MATA INDONESIA, JAKARTA – Orang dengan kebiasaan fetish belum bisa disebut mengalami gangguan psikologi dan tidak bisa serta merta tergolong kelainan seksual.
Menurut psikolog Inez Kristanti kebiasaan itu tidak bermasalah jika pasangannya setuju melakukan fetish.
Secara singkat fetish biasanya merupakan dorongan seksual atau ketertarikan pada bagian tubuh manusia yang sifatnya non-genital seperti rambut, telapak kaki, ibu jari atau benda mati.
Seperti diungkapkan kepada Antara, Inez menyatakan kebiasaan tersebut akan menimbulkan masalah jika menimbulkan distress yang signifikan pada orang yang mengalami fetish, seperti memaksa orang lain melakukan fetish yang tidak diinginkannya.

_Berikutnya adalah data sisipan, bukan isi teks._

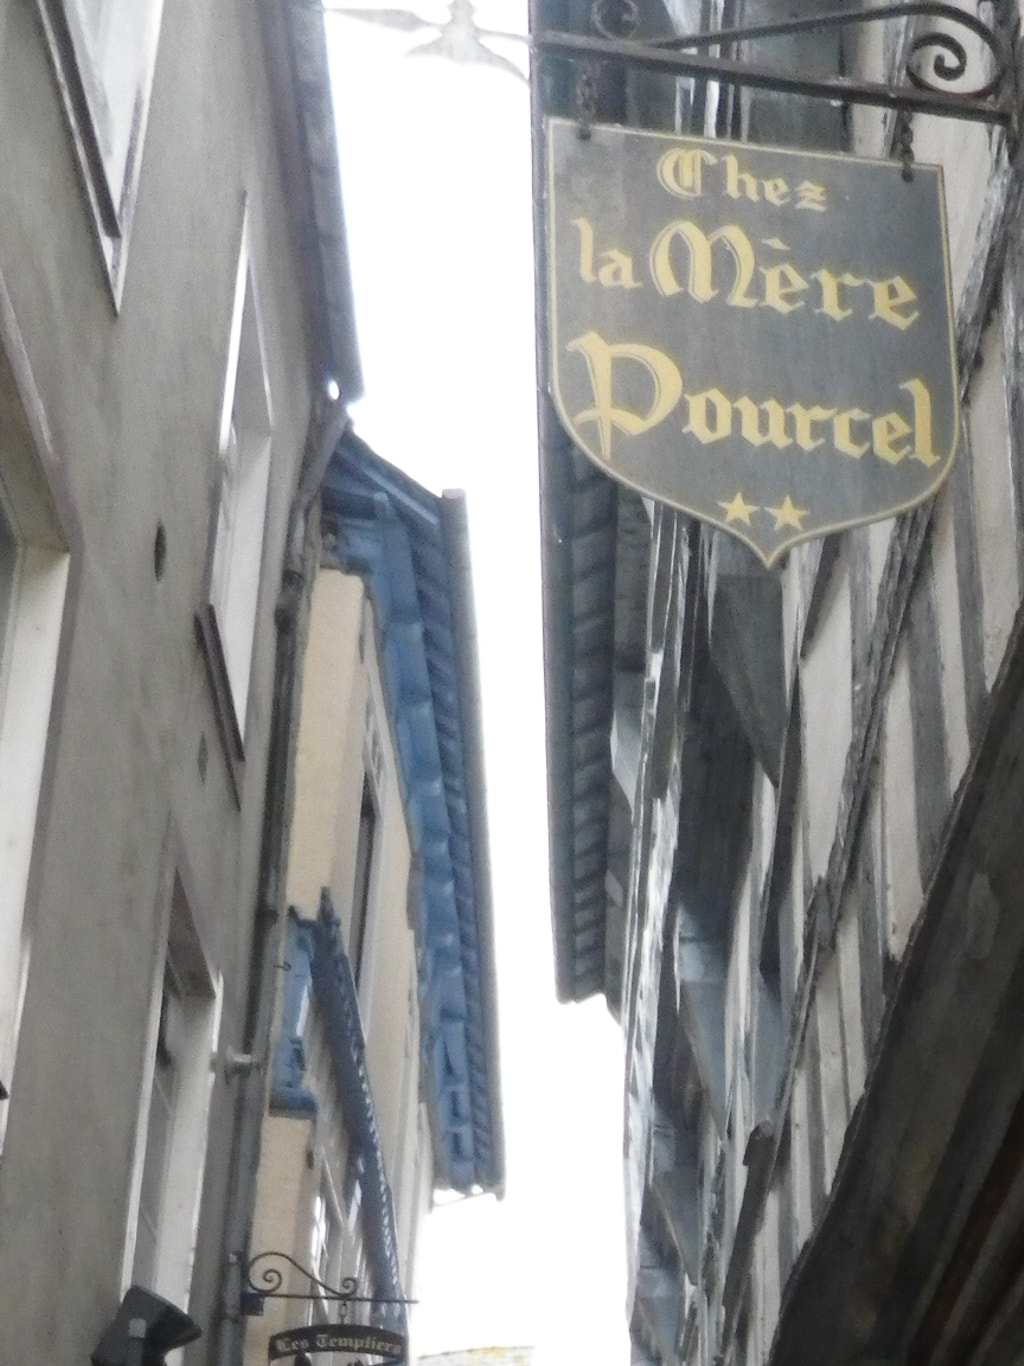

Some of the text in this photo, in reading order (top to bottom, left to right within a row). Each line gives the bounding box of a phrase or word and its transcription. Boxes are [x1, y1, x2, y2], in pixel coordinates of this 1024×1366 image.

Jika hal tersebut dilakukan terus menurus, menurut Inez, pelaku atau penyuka fetish harus mengkonsultasikan kondisi kejiwaannya kepada pakar kesehatan mental agar bisa segera ditolong.
Kondisi itu menurutnya biasa disebut dengan fetishistic disorder yang penyembuhannya membutuhkan diagnosis dari pakar kesehatan mental.
Sedangkan pakar psikologi klinis dewasa, Nirmala Ika menegaskan seseorang bisa disebut melakukan penyimpangan seksual jika melakukan fetish minimal selama enam bulan berturut-turut sehingga dia tidak bisa berfungsi baik dalam kehidupan sehari-hari.